Other complications of clear lens surgery in high myopia included corneal opacification after secondary cataract surgery,66 subtle corneal changes,16 incarceration of parts of the capsule in the corneal wound,16 vitreous prolapse and vitreal incarceration in the corneal wound leading to retinal detachment,3 the increase in pressure noticed after discission and chronic glaucoma67 iritis which disappeared after removal of the lens masses within four weeks,68 posterior synechiae,62 secondary cataract (tight pupillary membranes),69 and vitreous opacifications.70

Clear-lens extraction in recent decades

At the end of the 20th century clear-lens excision in high myopes was re-discovered. The more detailed review of this is available elsewhere.71 This was probably due to the fact, that the risk of complications of the operation decreased significantly compared to the reported 100 years before. It was shown in one of the recent studies that the retinal detachment was observed in 0.66% of 763 operated patients after laser photocoagulation.72 Colin and Robinet reported, using argon laser photocoagulation before clear-lens excision, the incidence of retinal detachment after 18 months is 1.9% and after seven years – 8.1%.73–75 Barraquer et al. using different surgical techniques, including intracapsular extraction (3.0%), aspiration (59.4%), and extracapsular extraction (37.6%) reported that RD developed in 7.3% after 30.7 ± 26.6 months postoperatively.76 A clear association between postoperative YAG laser/posterior capsulotomy and the incidence of retinal detachment was also shown 76. Luis Fernández-Vega et al. reported an incidence of 2.1% of RD incidence at 39 months of follow-up of 190 operated eyes,77 whereas Horgan et al. reported 3.2% rate of RD in 5 months of follow-up of 62 patients.78 Guell et al. reported no retinal detachment in the 44 operated eyes with four-years of follow-up79 However, Alvaro Rodriguez et al.80 reported that 30% of patients after clear-lens extraction in axial myopia developed retinal detachment, which was not prevented by prophylactic photocoagulation and cryocoagulation.
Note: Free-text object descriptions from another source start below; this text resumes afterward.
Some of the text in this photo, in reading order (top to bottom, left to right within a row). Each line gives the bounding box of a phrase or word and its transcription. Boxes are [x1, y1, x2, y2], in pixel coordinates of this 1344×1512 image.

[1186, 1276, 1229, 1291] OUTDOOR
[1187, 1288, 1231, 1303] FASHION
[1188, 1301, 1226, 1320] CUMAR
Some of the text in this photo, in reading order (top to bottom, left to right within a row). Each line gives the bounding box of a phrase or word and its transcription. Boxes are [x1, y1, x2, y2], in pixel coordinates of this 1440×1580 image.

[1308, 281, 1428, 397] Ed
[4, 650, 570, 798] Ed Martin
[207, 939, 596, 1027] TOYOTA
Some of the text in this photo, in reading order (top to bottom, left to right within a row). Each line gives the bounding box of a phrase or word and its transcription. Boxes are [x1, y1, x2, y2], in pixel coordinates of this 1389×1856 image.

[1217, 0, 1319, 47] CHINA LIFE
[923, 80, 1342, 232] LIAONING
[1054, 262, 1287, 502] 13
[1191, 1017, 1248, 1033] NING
Comparison and discussion of these studies is tenuous at best as they vary in patient age, inclusion criteria, follow-up and surgical techniques. It is however obvious that complications of the clear-lens excision could nowadays be managed easier and more effectively due to the progress of medical technology, including antiobiotics, vitrectomy, etc. Moreover, progress in lens surgery led to the less invasive procedures, including microincision techniques, viscoprocedures, low-ultrasound power, IOLs producing less PCO, etc. All of these make the clear-lens extraction an interesting alternative for the treatment of high myopia. However, inability to effectively restore accommodation remains a serious weakness of the procedure.

Conclusion

Fukala was an important pioneer in systematically performing clear-lens extraction in patients with high myopia. Due to his thorough knowledge of theory and positive experiences of many patients, he demonstrated the benefit of clear-lens removal in young, high-degree myopia. He “stuck to his guns”, despite the energetic opposition of his well respected colleagues such as Frans Cornelius Donders, Ernst Fuchs, and Albrecht von Graefe. Thanks to his determination, Fukala convinced his skeptical colleagues of the efficacy of his surgical method of lens discission although, several surgeons had risked surgery in high-degree myopia in former decades, most were afraid of the immediate postoperative complications at that time; and surgical treatment failed to become established. The late complication of retinal detachment was not appreciated until much later.

Footnotes

Peer review under responsibility of Saudi Ophthalmological Society, King Saud University.

*

The authors reported no proprietary or commercial interest in any product mentioned or concept discussed in this article.